As we inch closer to the end of our Lenten journey, David Ackerman in his Beyond the Lectionary materials invites us to wrestle with our place in the world.  The reading from Deuteronomy seemingly provides divine authorization for ethnic cleansing.  In a world where such actions are being perpetrated in the name of religion or national identity, how should we respond.  In the reading from Romans, we're faced with Paul's guidelines for relating to the state -- at a time of increasing anti-government sentiment in the United States, how should we understand the role of the state.  Then finally, in the Gospel reading, Jesus speaks of false Messiahs.  Who in our midst are the false Messiahs?  Can we invest in people expectations that create at least in our mind a false idol?  These are important conversations to take up as we seek to follow Jesus in a complicated and -- can we say -- fallen world?  (My Niebuhrian side is coming out here).  I invite you to consider these readings as you journey through Lent as pilgrim or as preacher. 


Lent 5

“Forgive Us Our Xenophobia”

Call to Worship:  Psalm 141:1-4 NRSV

One:  I call upon you, O Lord; come quickly to me; give ear to my voice when I call to you. 
Many:  Let my prayer be counted as incense before you, and the lifting up of my hands as an evening sacrifice.
 One:  Set a guard over my mouth, O Lord; keep watch over the door of my lips.
 Many:  Do not turn my heart to any evil, to busy myself with wicked deeds in company with those who work iniquity; do not let me eat of their delicacies.
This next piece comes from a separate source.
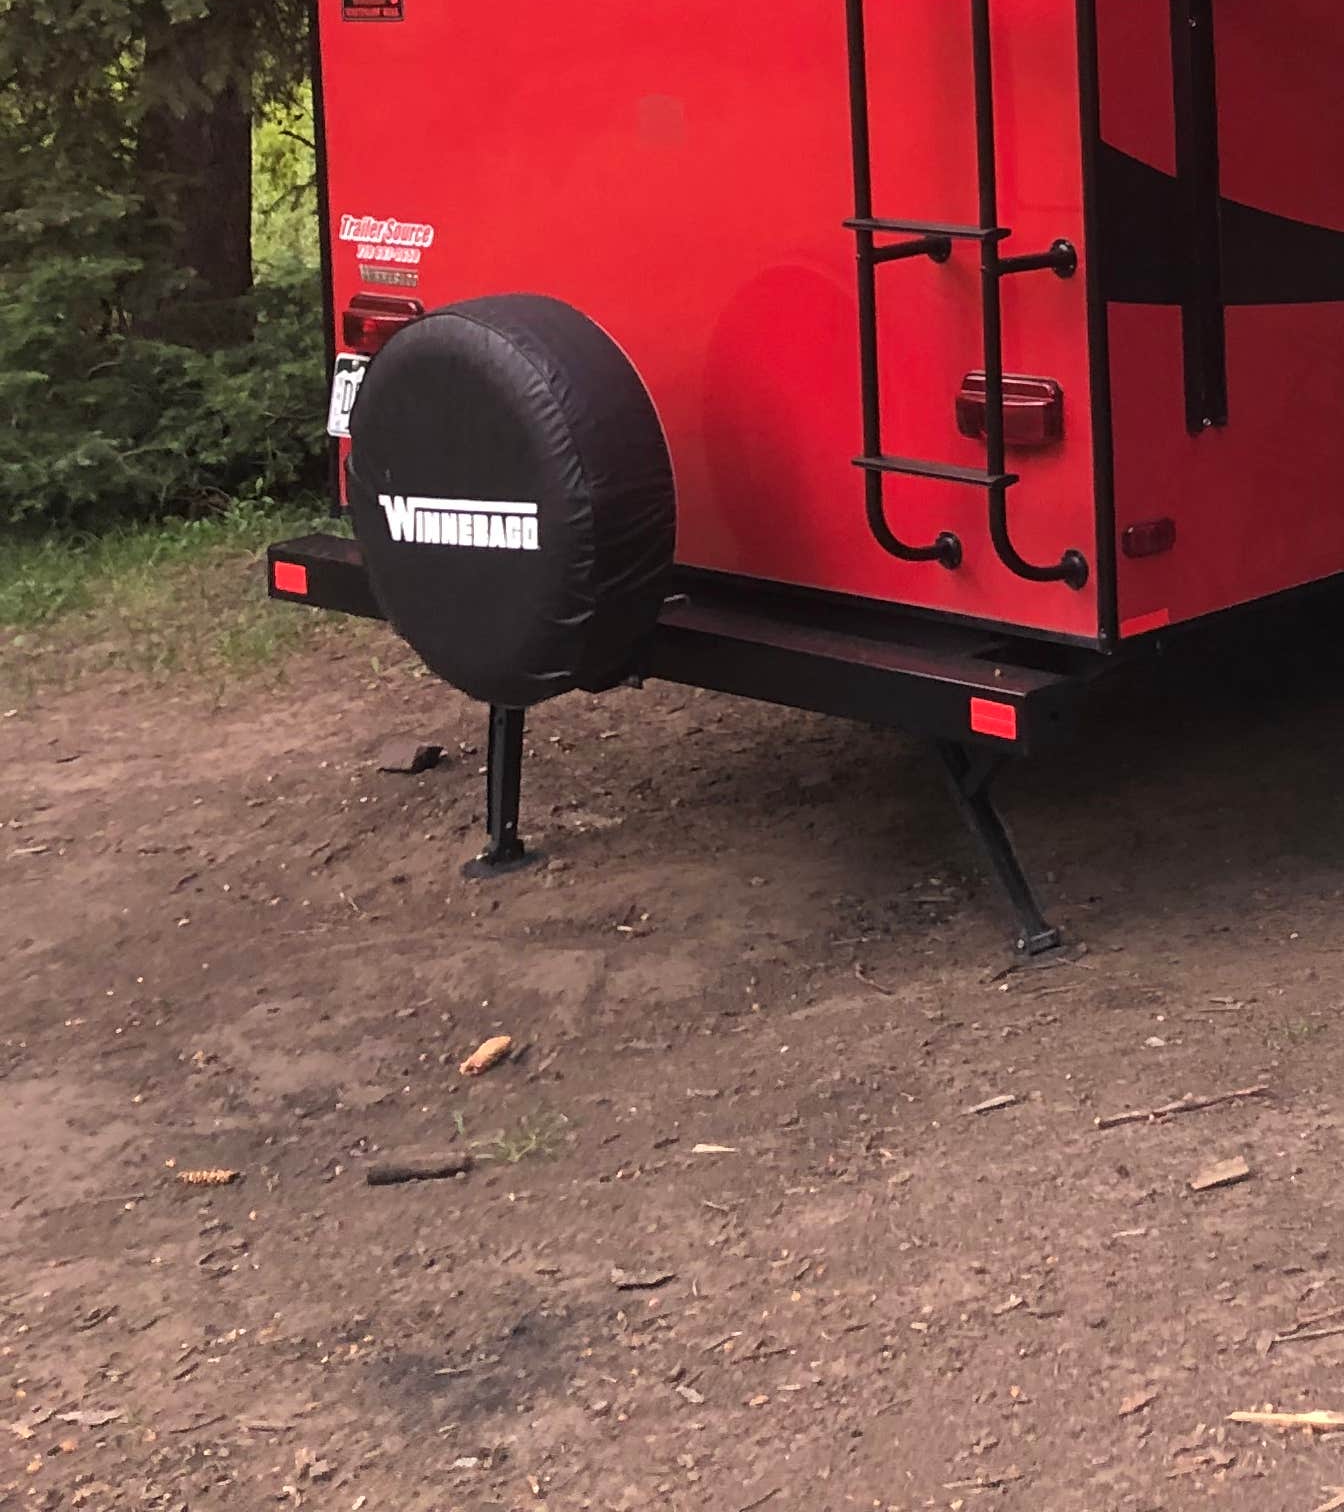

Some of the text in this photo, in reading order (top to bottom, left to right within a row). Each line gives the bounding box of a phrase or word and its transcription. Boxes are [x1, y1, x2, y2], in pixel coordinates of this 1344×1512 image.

[339, 214, 434, 248] Trailer Source
[378, 494, 540, 550] WINNEBAGO
Gathering Prayer:  We continue to come in this holy season to wrestle with some of the most painful realities of our past and present.  As we worship you today, help us to work for a future where love and inclusivity triumph over imagined claims to purity and righteousness.

Confession:  As we draw closer to the cross, God, we continue to repent of the ways that we have misused your scriptures to abuse others.  When we think about the violence that we have perpetrated against others simply because they were different or were not “part of us,” our hearts are grieved to the core.  Forgive us the wrongs we have committed against our brothers and sisters because we were ignorant and too focused on ourselves.

Assurance of Forgiveness:  God frees us from the sins of yesterday so we may work for God’s realm today.  Let us do so, trusting in the promise God gives us of a blessed tomorrow.

Scriptures:      Deuteronomy 7:1-5 – “Destroy Them”
Romans 13:1-7 – “Be Subject to Authorities”
Mark 13:21-23 --  “False Messiahs Will Appear”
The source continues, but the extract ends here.